Exercise requirements =>
Return all entries precisely as they stand, without the images.

Extracted entries =>
·····

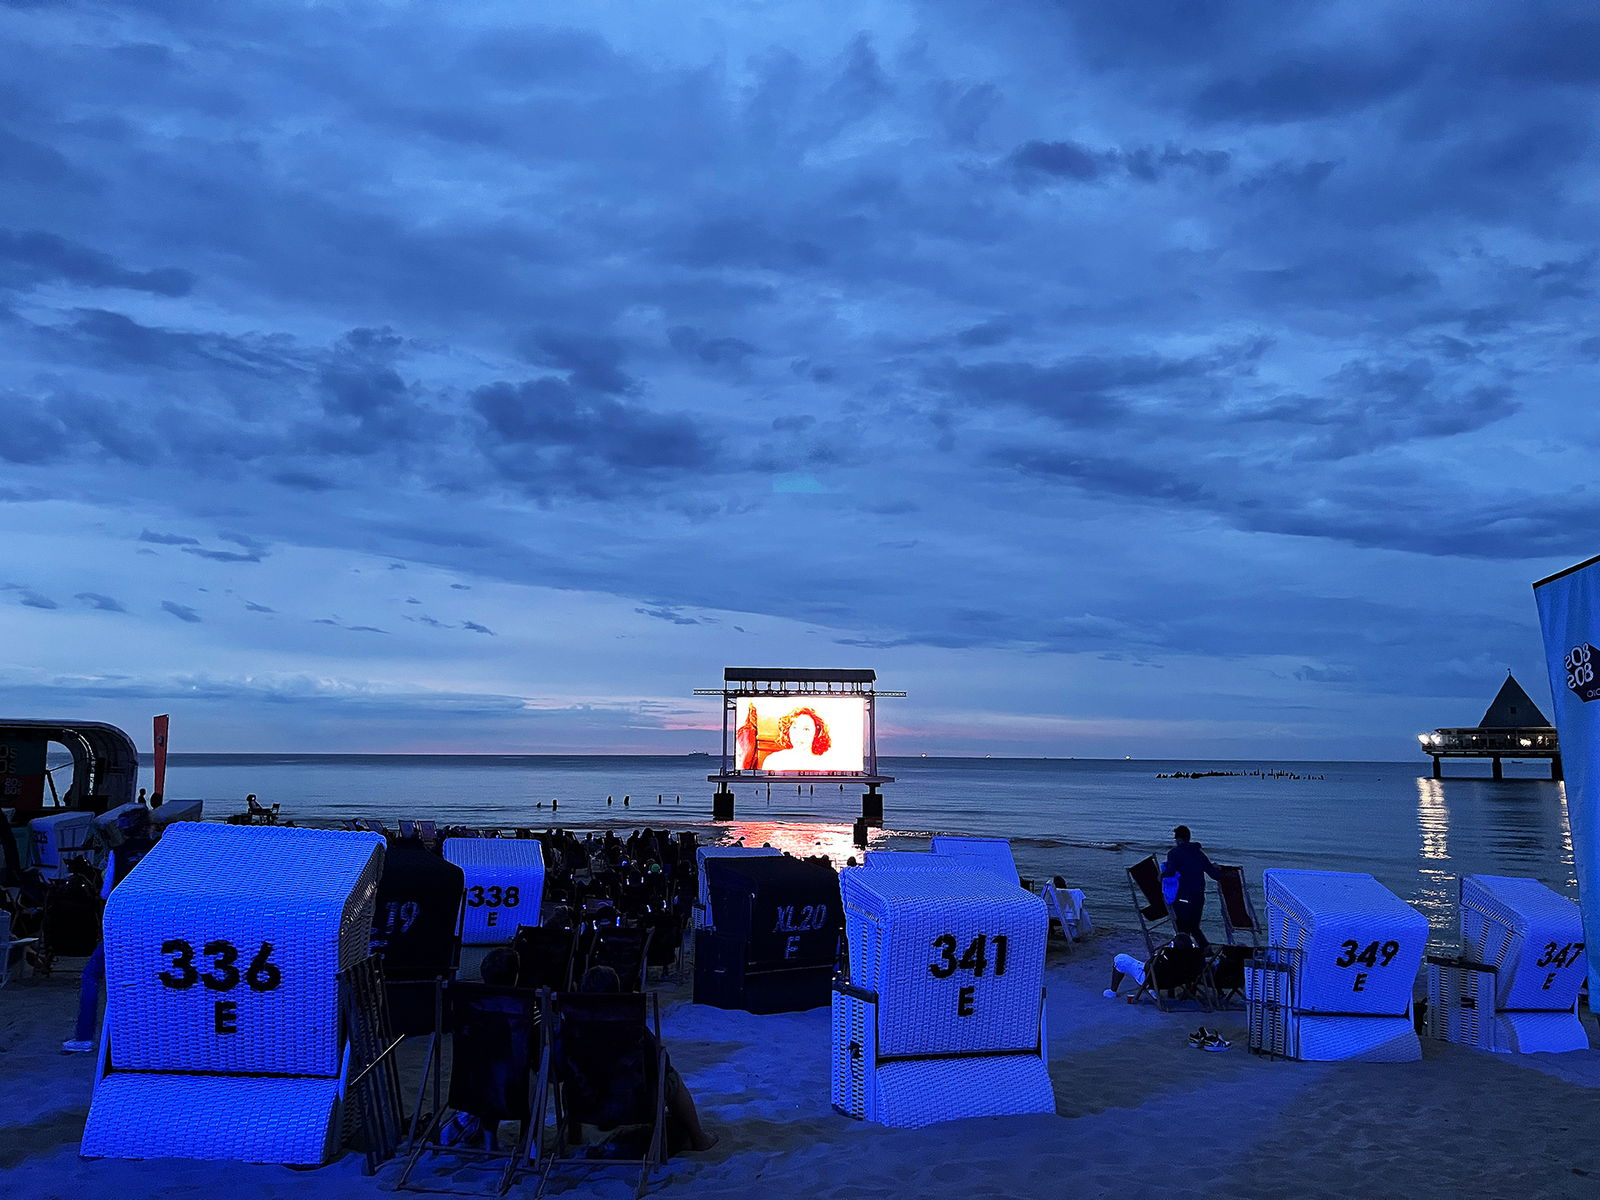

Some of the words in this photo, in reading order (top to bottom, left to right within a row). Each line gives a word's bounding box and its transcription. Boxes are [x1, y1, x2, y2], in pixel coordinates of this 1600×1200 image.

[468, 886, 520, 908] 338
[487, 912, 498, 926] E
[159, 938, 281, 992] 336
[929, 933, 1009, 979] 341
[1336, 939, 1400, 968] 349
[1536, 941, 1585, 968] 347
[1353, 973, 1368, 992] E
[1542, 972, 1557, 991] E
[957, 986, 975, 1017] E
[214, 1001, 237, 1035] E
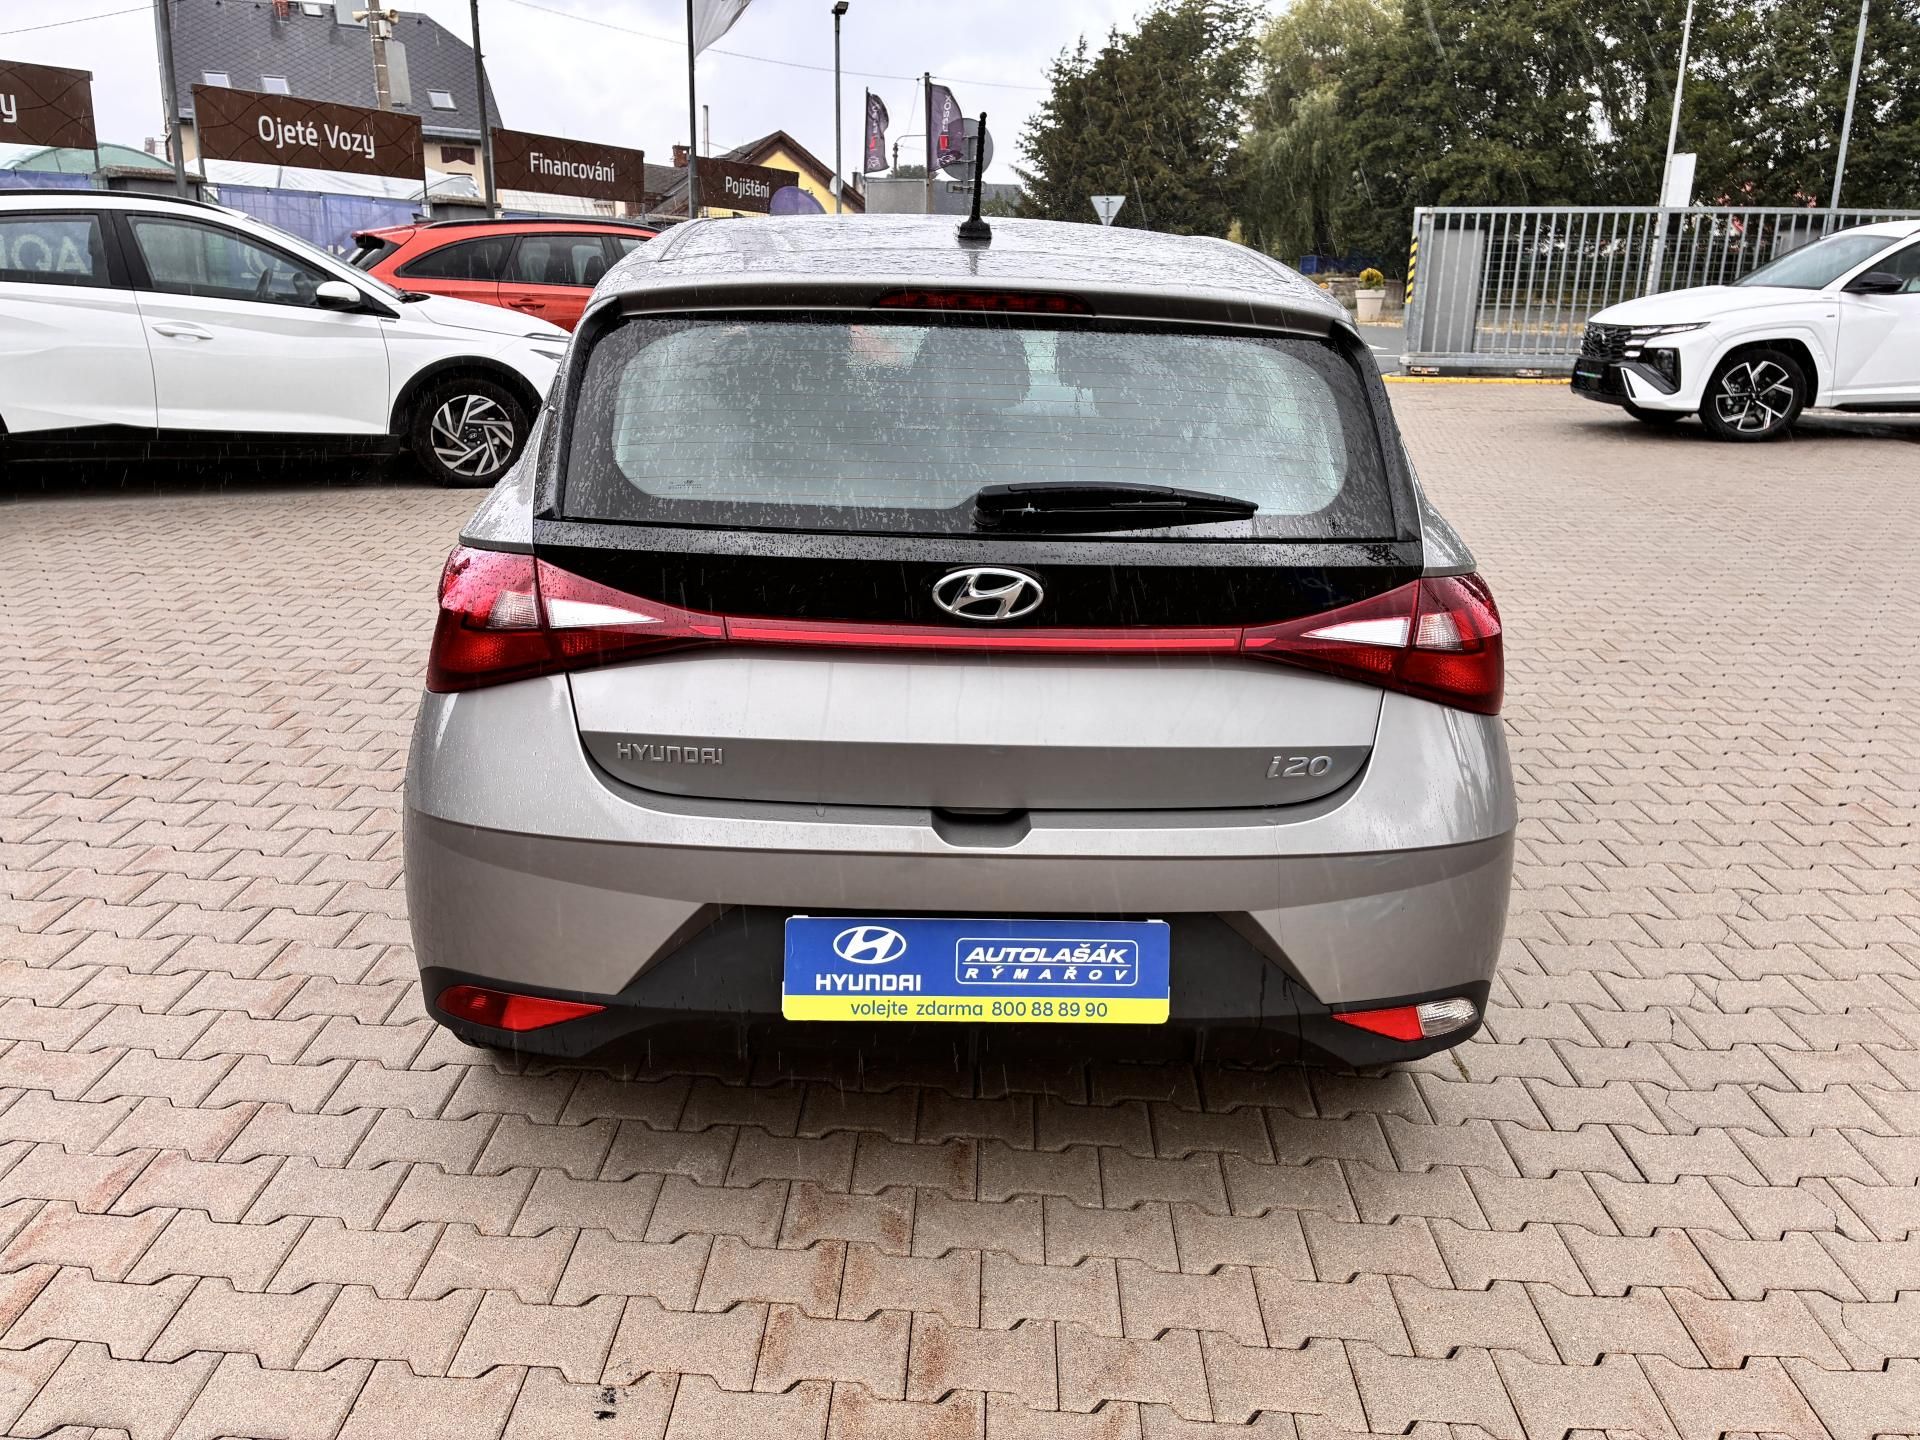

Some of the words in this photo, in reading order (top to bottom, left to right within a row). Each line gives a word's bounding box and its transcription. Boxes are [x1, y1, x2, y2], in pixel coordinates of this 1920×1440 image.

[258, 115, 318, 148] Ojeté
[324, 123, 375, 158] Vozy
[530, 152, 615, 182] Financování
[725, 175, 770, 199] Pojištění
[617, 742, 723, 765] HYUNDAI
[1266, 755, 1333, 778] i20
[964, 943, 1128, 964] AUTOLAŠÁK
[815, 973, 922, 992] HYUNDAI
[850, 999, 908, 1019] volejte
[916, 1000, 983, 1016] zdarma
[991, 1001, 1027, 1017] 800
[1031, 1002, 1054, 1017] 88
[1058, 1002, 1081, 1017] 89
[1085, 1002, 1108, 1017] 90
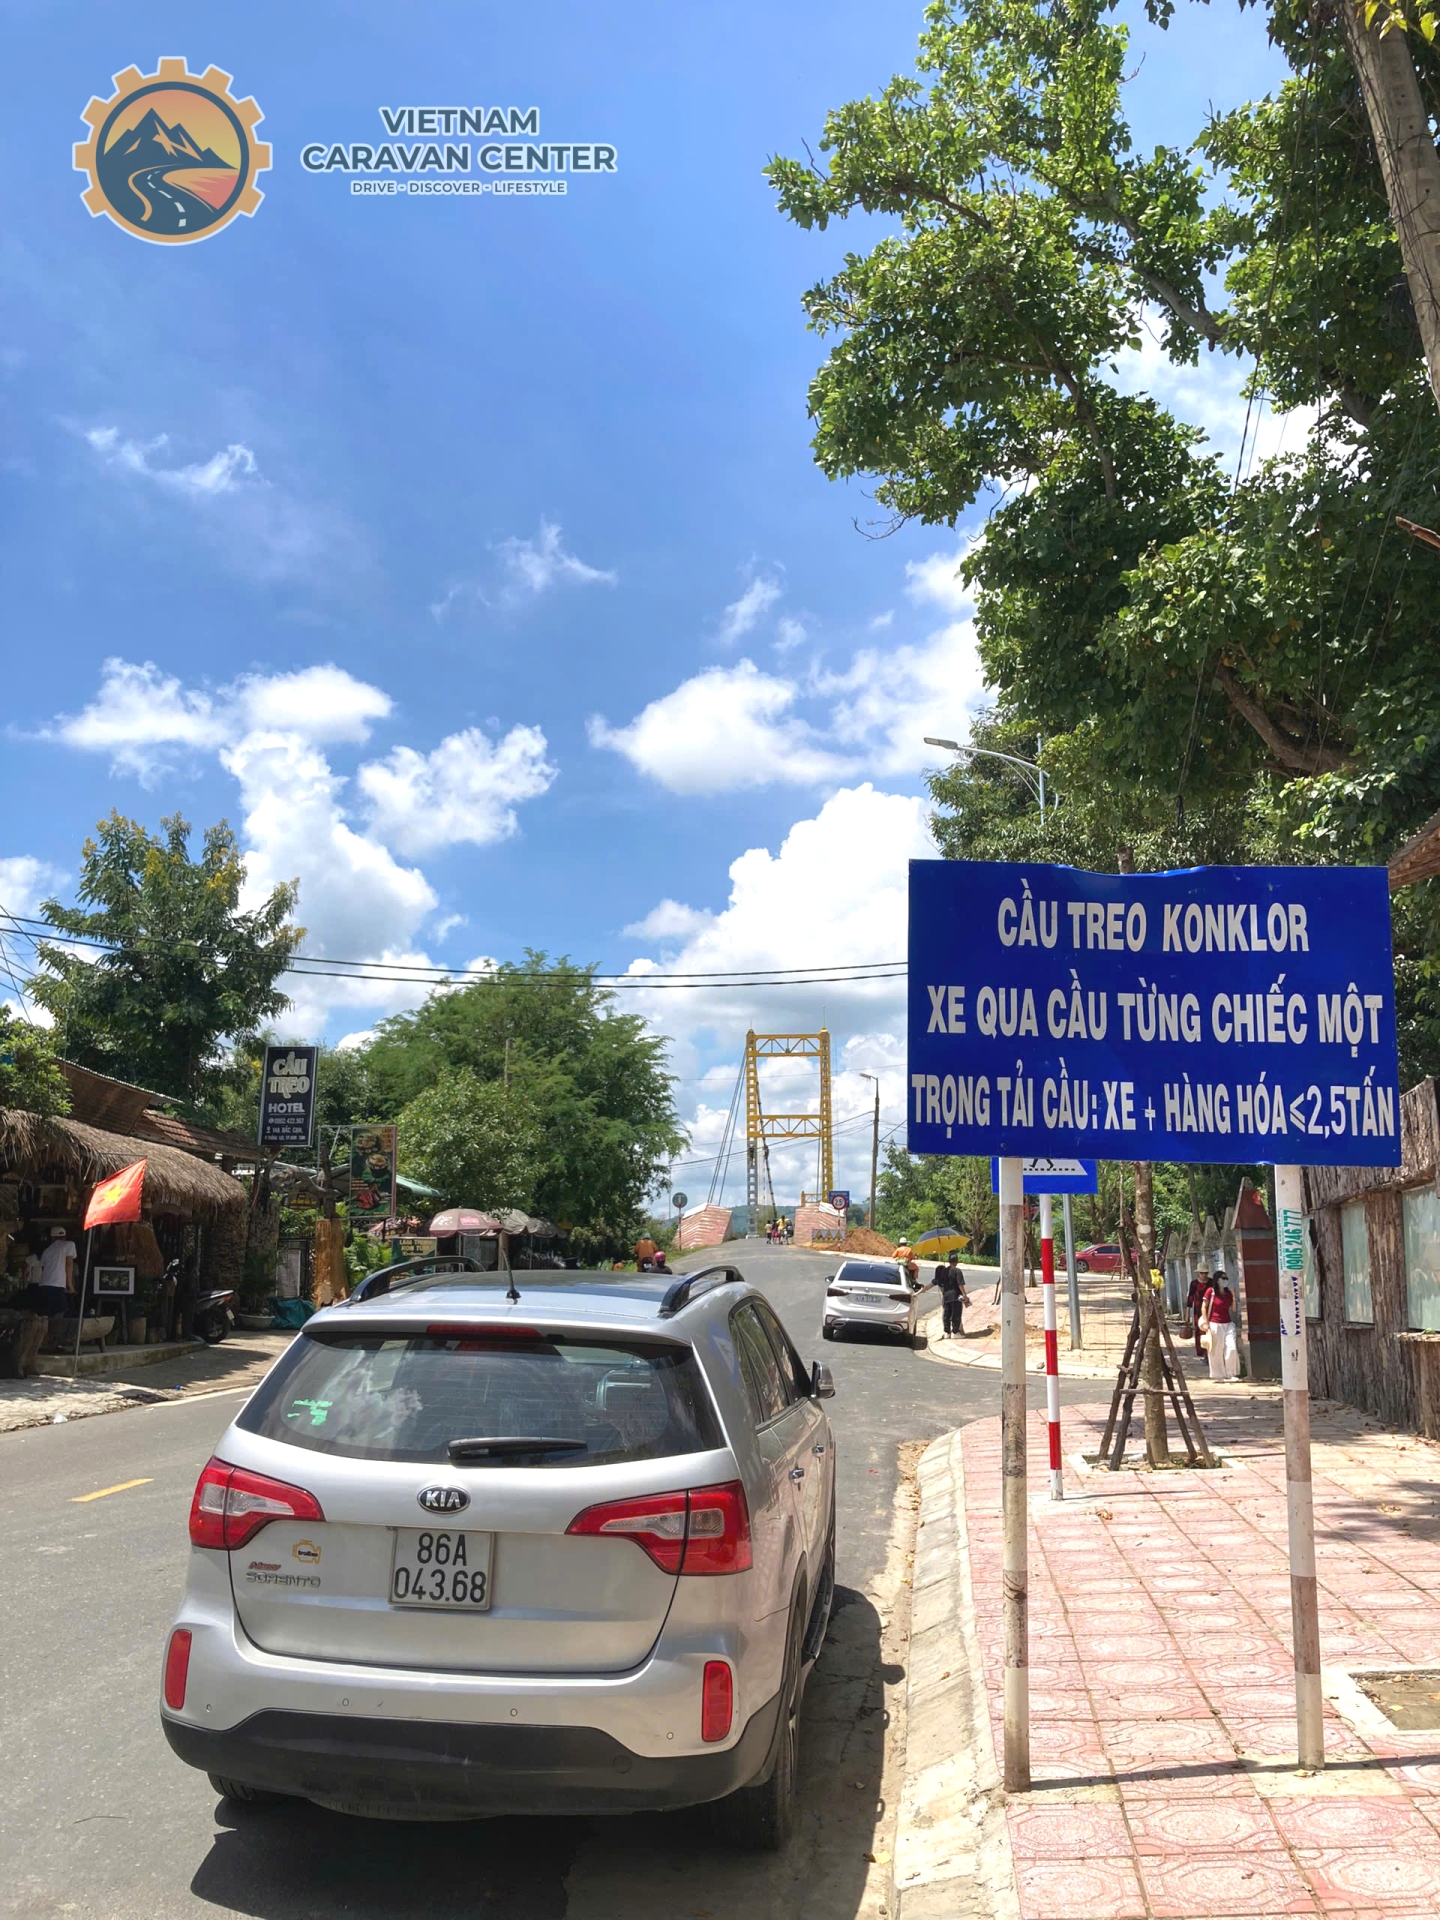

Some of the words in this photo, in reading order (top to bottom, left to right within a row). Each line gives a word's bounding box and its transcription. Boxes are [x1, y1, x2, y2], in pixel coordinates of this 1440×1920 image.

·····

Exercise output =>
Some of the words in this photo, in reading order (top to bottom, left to right within a row). Each line gives a word's bounding box and its transcription. Boxes are [x1, y1, x2, y2], in pixel coordinates of this 1600×1200 image.

[468, 886, 520, 908] 338
[487, 912, 498, 926] E
[159, 938, 281, 992] 336
[929, 933, 1009, 979] 341
[1336, 939, 1400, 968] 349
[1536, 941, 1585, 968] 347
[1353, 973, 1368, 992] E
[1542, 972, 1557, 991] E
[957, 986, 975, 1017] E
[214, 1001, 237, 1035] E

Some of the words in this photo, in reading order (top to bottom, left to right within a row). Each line gives a word's bounding box and its transcription. Boxes are [x1, y1, x2, y2], in pixel coordinates of this 1920×1440 image.

[258, 115, 318, 148] Ojeté
[324, 123, 375, 158] Vozy
[530, 152, 615, 182] Financování
[725, 175, 770, 199] Pojištění
[617, 742, 723, 765] HYUNDAI
[1266, 755, 1333, 778] i20
[964, 943, 1128, 964] AUTOLAŠÁK
[815, 973, 922, 992] HYUNDAI
[850, 999, 908, 1019] volejte
[916, 1000, 983, 1016] zdarma
[991, 1001, 1027, 1017] 800
[1031, 1002, 1054, 1017] 88
[1058, 1002, 1081, 1017] 89
[1085, 1002, 1108, 1017] 90

Some of the words in this photo, in reading order (top to bottom, left to right within a row). Each line gives a word's bounding box and its transcription. Boxes are [x1, y1, x2, y2], in pixel coordinates of this 1440×1920 image.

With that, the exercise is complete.